But whenever you were painting the picture of him being an asshole. And so then your friends are recognizing him as an asshole. It is so influential what we say about other people.
Kim: And you know what? Like when we talked about the Four Agreements, being very careful with your words, very true with your words, and not making assumptions and not making it personnel. You just broke all of those rules, so did I. That’s the problem, always doing your best. Is that doing our best, putting labels and trying to dissect them and understand them?
And it’s like it goes from one thing to the other, like we were talking about responsibility. Because they are, they are protectors, they’re providers, they’re pleasers. That was a big game changer for me. For those of you who haven’t heard the podcast, What His Brain Wants, What Her Brain Wants, y’all go back and listen to those because that’s really where I had this big shift in awareness.
So one thing is when we’re always trying to label them, and put them down, and try to figure them out and we’re saying that, projecting that, reflecting that with other people. Then they kind of hold that. We influence, we contaminate their perception of that person. And that’s why gossip is so painful.
Then it’s kind of awkward when everything’s good and they’re like, “Oh, well, when did y’all start getting along?” And then you’ll have an off day, and they will go right back to that other thing. And we don’t realize that we have the power to influence people according to the words that we use about them.
The second one was keep being a 1/3. He is about experiencing, like he investigates and experiences and he gets it perfect. Like he becomes the expert, so he is the expert. But I was like, “I can’t do it right. I can’t do it the way you want me to do it. And it’s always wrong. And it’s always I’m too slow, or I’m too fast, or I’m too late.” And it was just like playing into that story had become this very contaminated game.

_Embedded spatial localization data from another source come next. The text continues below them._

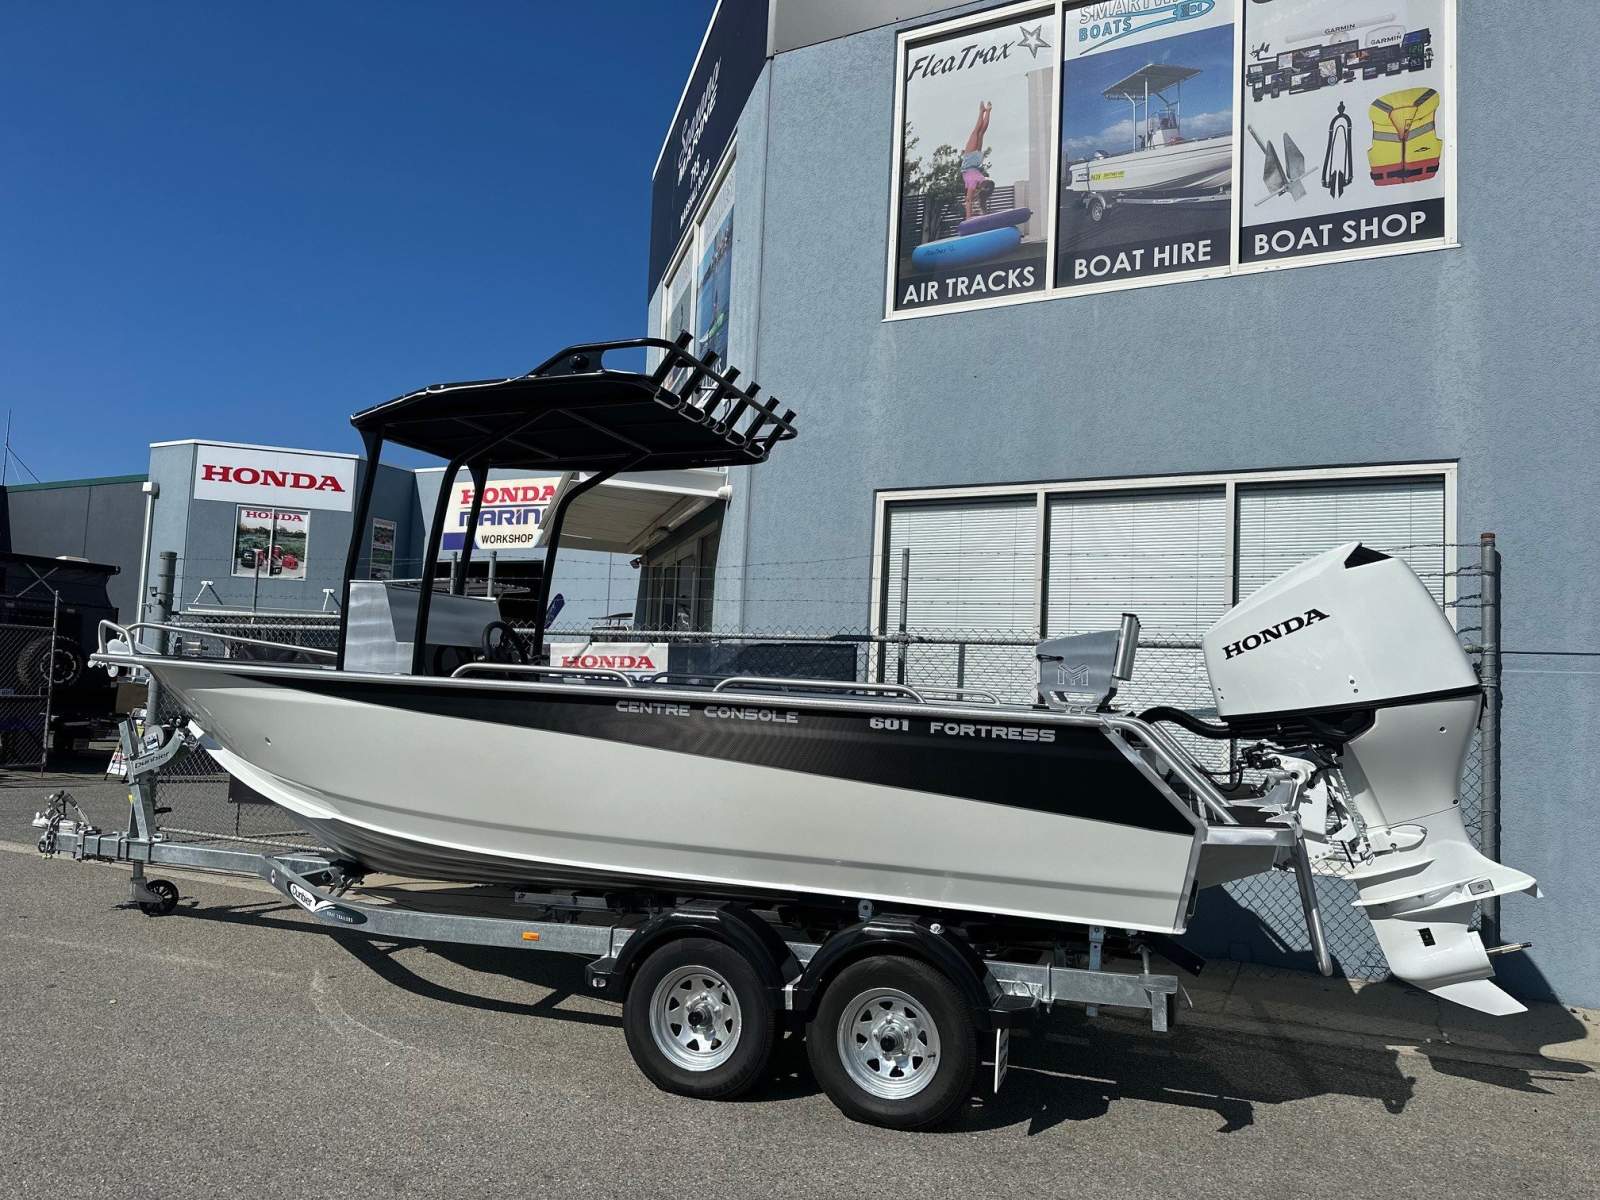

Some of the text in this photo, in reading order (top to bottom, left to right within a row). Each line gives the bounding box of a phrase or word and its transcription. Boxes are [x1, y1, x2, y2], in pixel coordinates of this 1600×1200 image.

[1079, 17, 1132, 42] BOATS
[1324, 23, 1356, 35] GARMIN
[1370, 34, 1402, 45] GARMIN
[1253, 211, 1428, 256] BOAT SHOP
[1073, 240, 1212, 280] BOAT HIRE
[902, 266, 1035, 305] AIR TRACKS
[201, 464, 346, 493] HONDA
[245, 510, 304, 522] HONDA
[481, 533, 534, 544] WORKSHOP
[1222, 608, 1331, 660] HONDA
[562, 655, 656, 670] HONDA
[615, 699, 799, 724] CENTRE CONSOLE
[869, 716, 1056, 743] 601 FORTRESS
[290, 885, 313, 907] Dunbier

Monique: One of the things that I really began to work on was just adult conversation. Truly being impeccable with my word, just like you said. And just saying like, “Okay, wait a minute. My mind just heard…” And I’d kind of reflect back what I was experiencing in my body. And when he would say, “I didn’t say that” then I could receive it.
But I couldn’t receive it before until I did my own work around it. Until I started investigating, again, why is this triggering me? Why does this hurt me? What am I hearing inside of my nervous system that’s just pumping out adrenaline wanting me to go cut everybody up? I was full of rage. Underneath that rage was grief, and trauma, and story that I didn’t know.

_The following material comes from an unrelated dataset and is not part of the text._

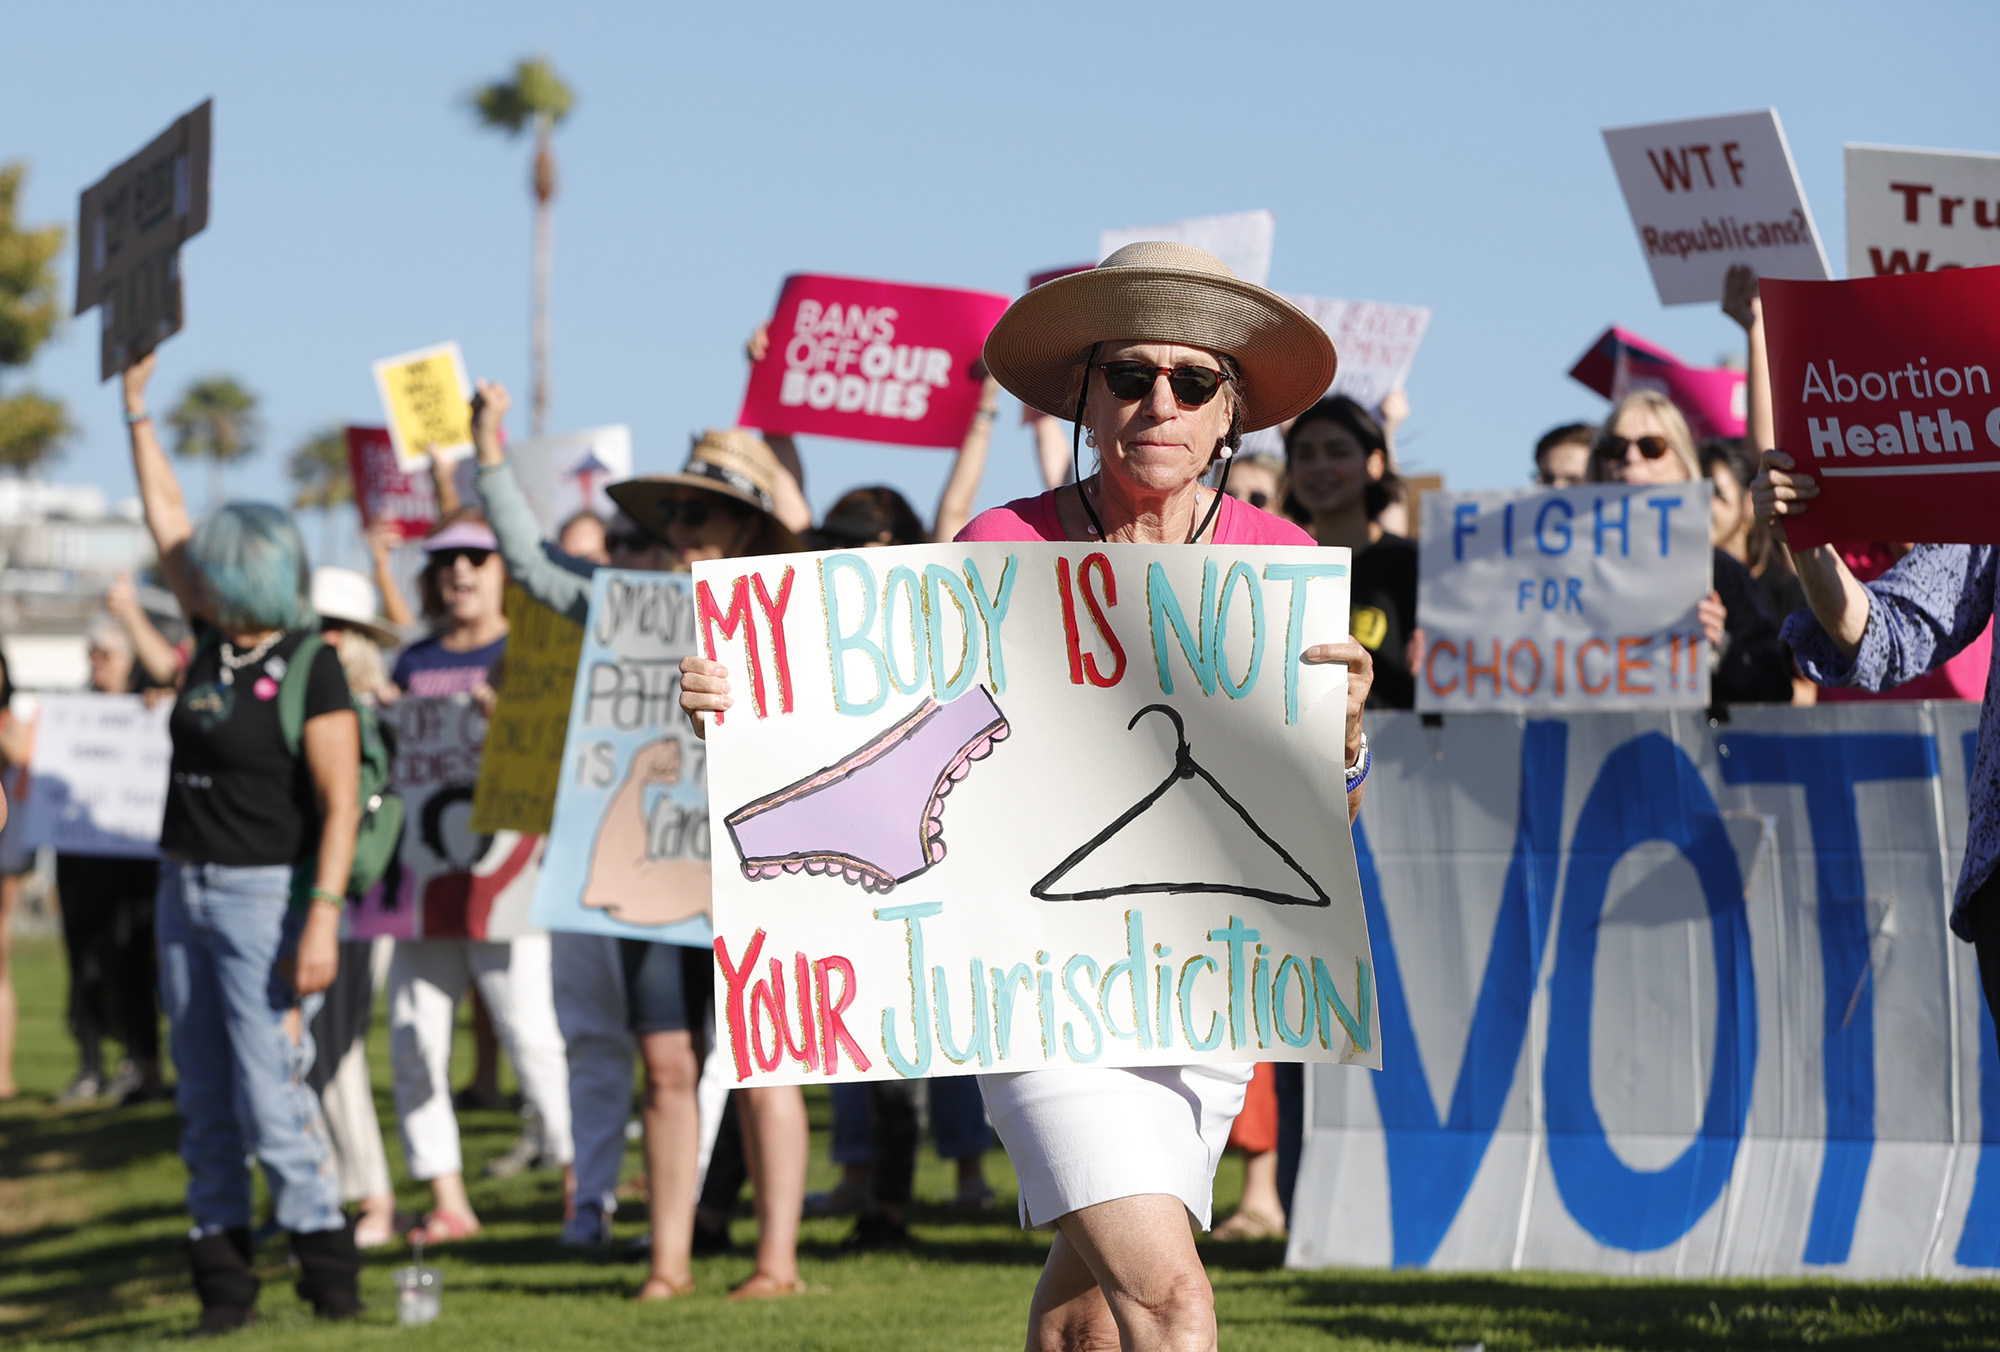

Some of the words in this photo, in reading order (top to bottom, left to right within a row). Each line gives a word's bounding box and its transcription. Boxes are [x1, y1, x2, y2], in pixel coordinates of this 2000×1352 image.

So, in the last podcast we talked about unraveling all that disbelief and trying to learn to self-heal. And this is what came to because of that. Understanding myself and how I’m made and the way I do things. And not creating shame and guilt about the way I function. And giving them the freedom and flexibility to be who they are. To show up in my life and be that version of themselves and let them have that space. Because that’s what they are there to do. Nothing is wrong here. We attach the meaning or the belief to it and create the story.
Kim: Yeah, I used to fight for, “I just want you to accept me for who I am. Why can’t you just accept me and quit trying to change me? Quit trying to make… I’m not that.” I mean, I was just like struggling for this not being loved. But it was the exact thing I was doing him. I wanted him to be different. I wanted him to be playful, and fun, and silly. Well, he’s got the like gate of responsibility, he is going to investigate.
And then he’s a martyr. So when I would come at him, and I would have these stories and we’re trying to relate, and we’ve had lots of open conversations about this. And then he would take everything I would say and he would turn it as if I were attacking him. And then he would feel the emotional upheaval, the stuff that was going on inside of me, and he would react and respond to it. It was a mess. And we would just look at each other so frustrated. And until I understood human design, I really didn’t understand it.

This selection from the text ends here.